*Task objective:*
What you return must match the listing below exactly, minus any pictures.

*Input material:*

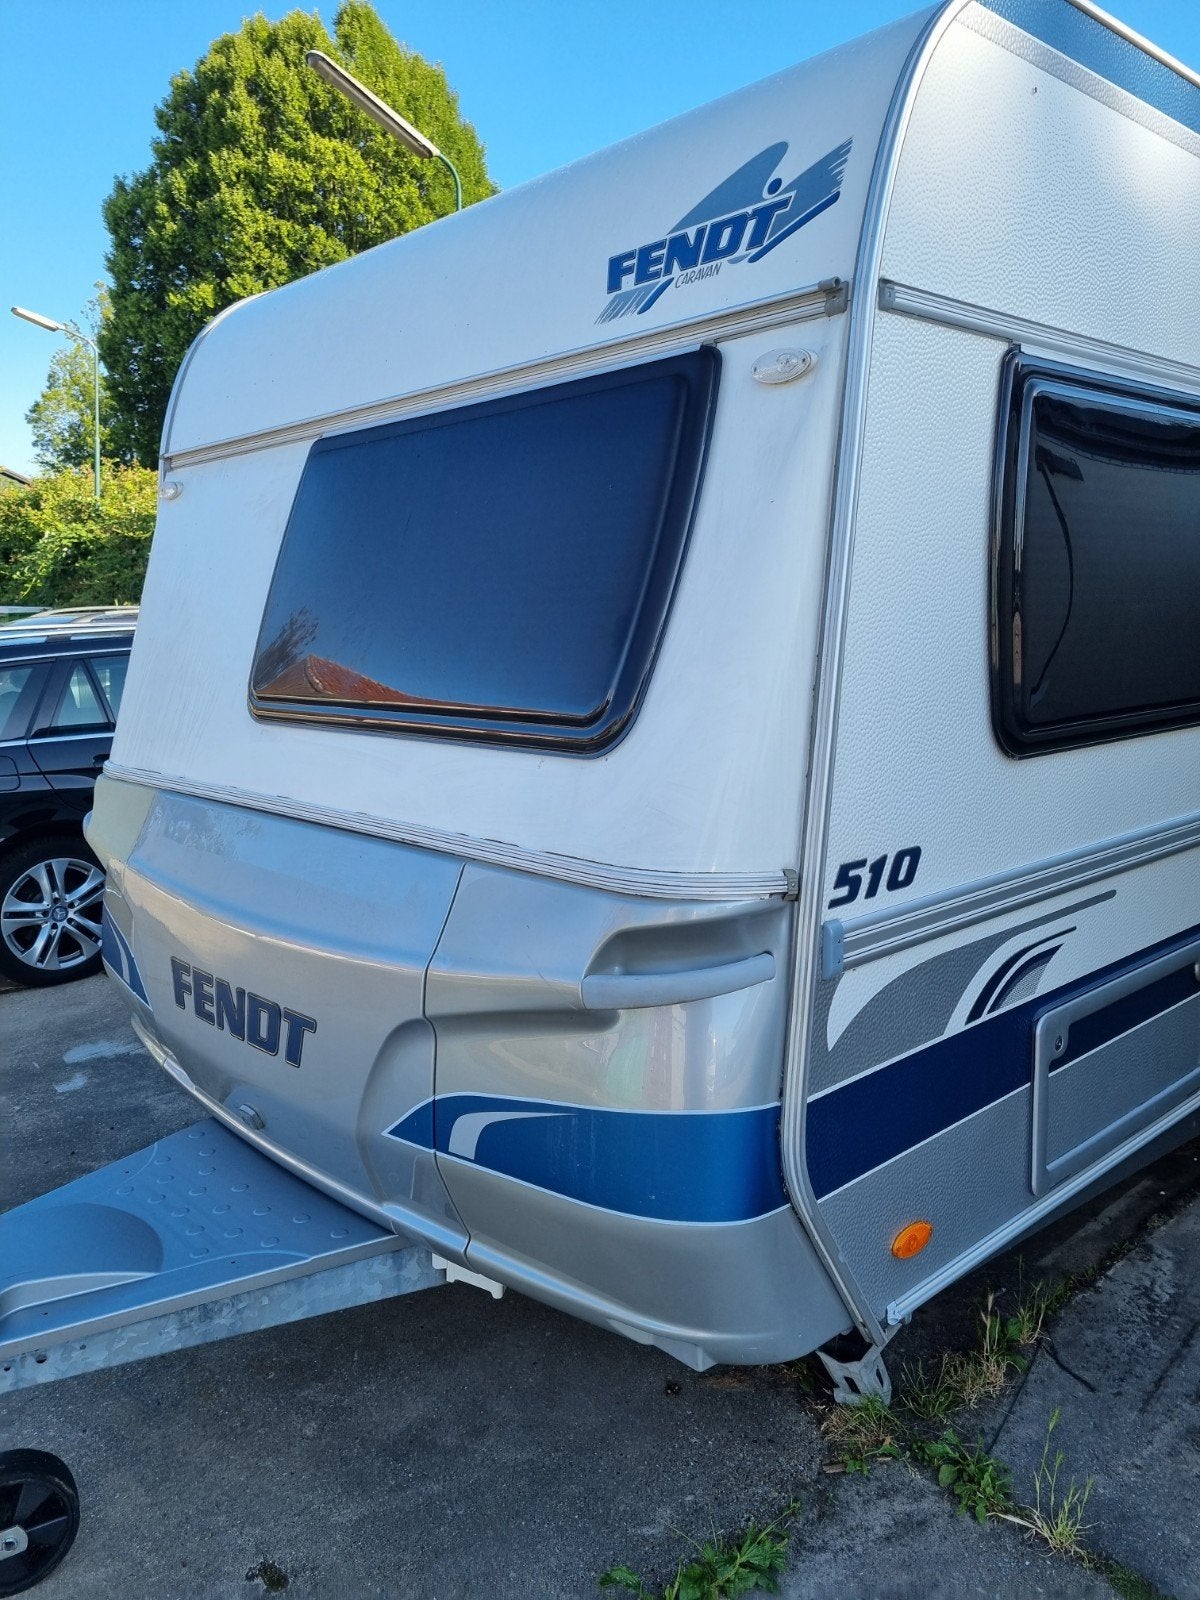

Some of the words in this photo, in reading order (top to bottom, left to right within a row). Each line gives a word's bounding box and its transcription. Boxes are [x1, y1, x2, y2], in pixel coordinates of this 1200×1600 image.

[607, 195, 795, 294] FENDT
[674, 262, 723, 289] CARAVAN
[828, 845, 922, 910] 510
[170, 956, 318, 1069] FENDT
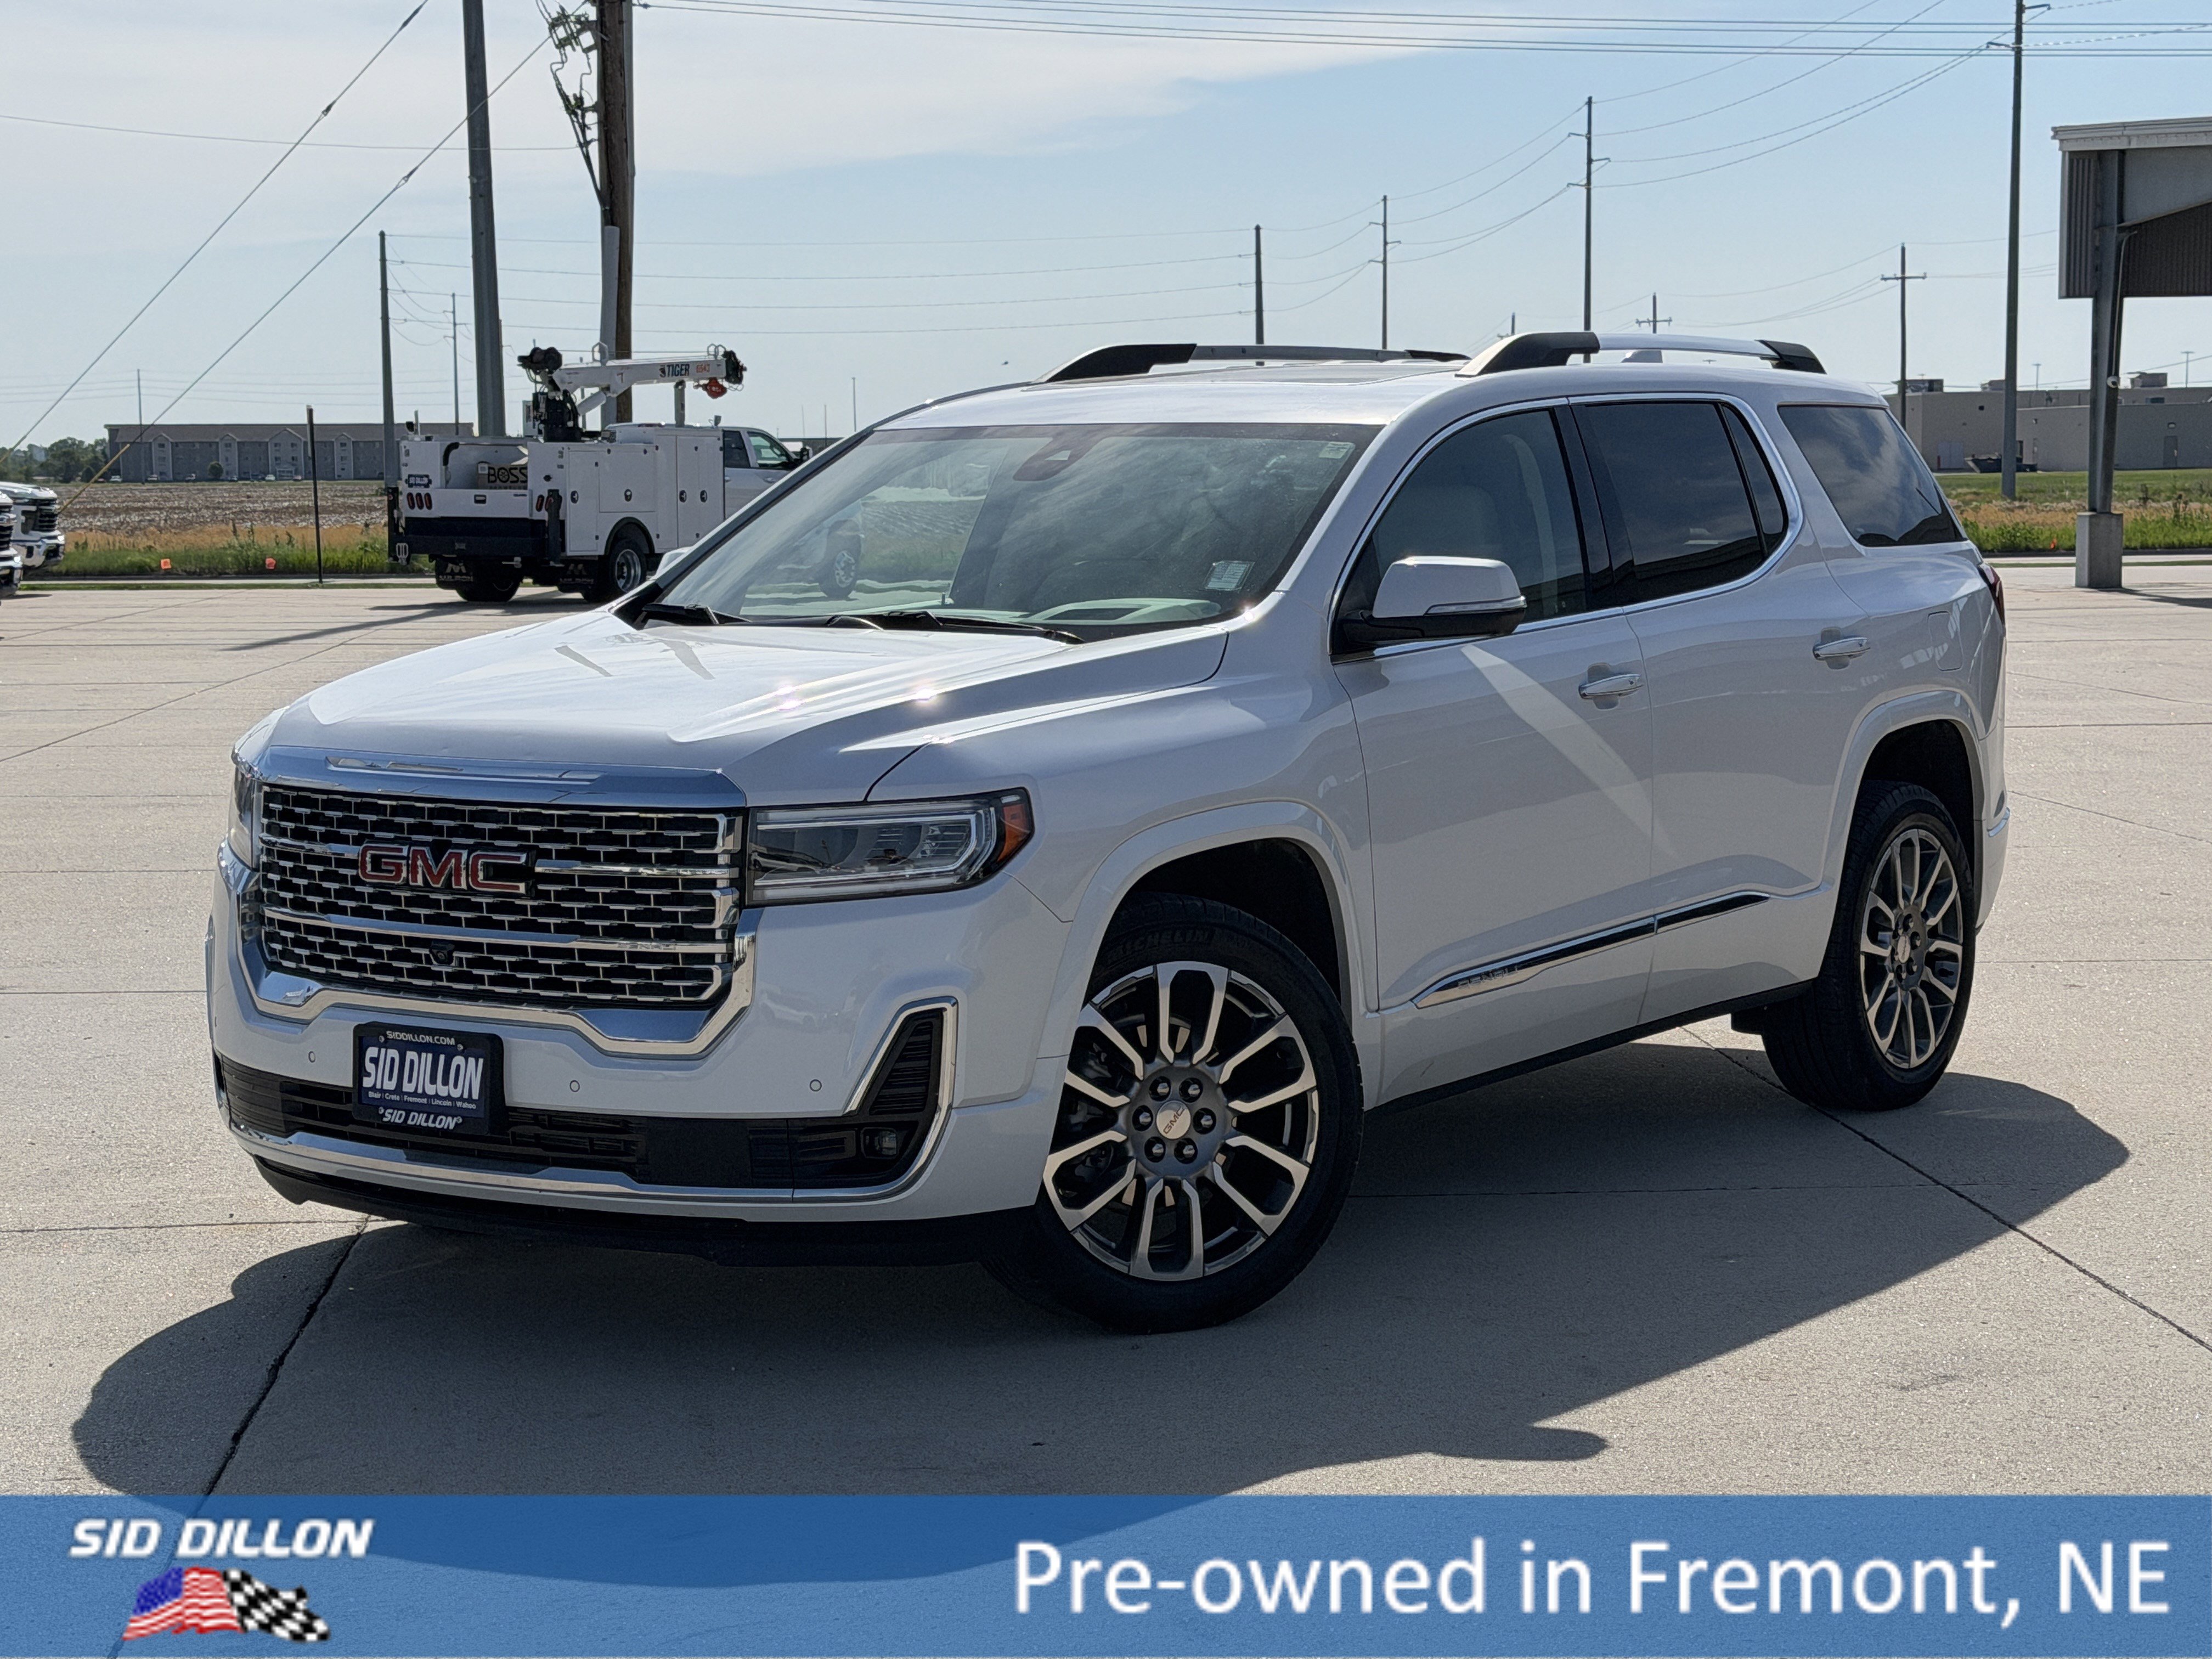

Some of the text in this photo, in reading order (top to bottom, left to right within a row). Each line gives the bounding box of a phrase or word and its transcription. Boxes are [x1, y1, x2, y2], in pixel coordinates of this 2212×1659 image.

*Result of the task:*
Some of the words in this photo, in reading order (top to bottom, left to right within a row). Each line gives a word's bounding box and its transcription. Boxes are [x1, y1, x2, y2], in pixel coordinates of this 1200×1600 image.

[607, 195, 795, 294] FENDT
[674, 262, 723, 289] CARAVAN
[828, 845, 922, 910] 510
[170, 956, 318, 1069] FENDT

Some of the text in this photo, in reading order (top to bottom, left to right within a row). Each line gives the bounding box of a phrase or word and its transcription. Boxes are [x1, y1, x2, y2], in pixel coordinates of this 2212×1659 image.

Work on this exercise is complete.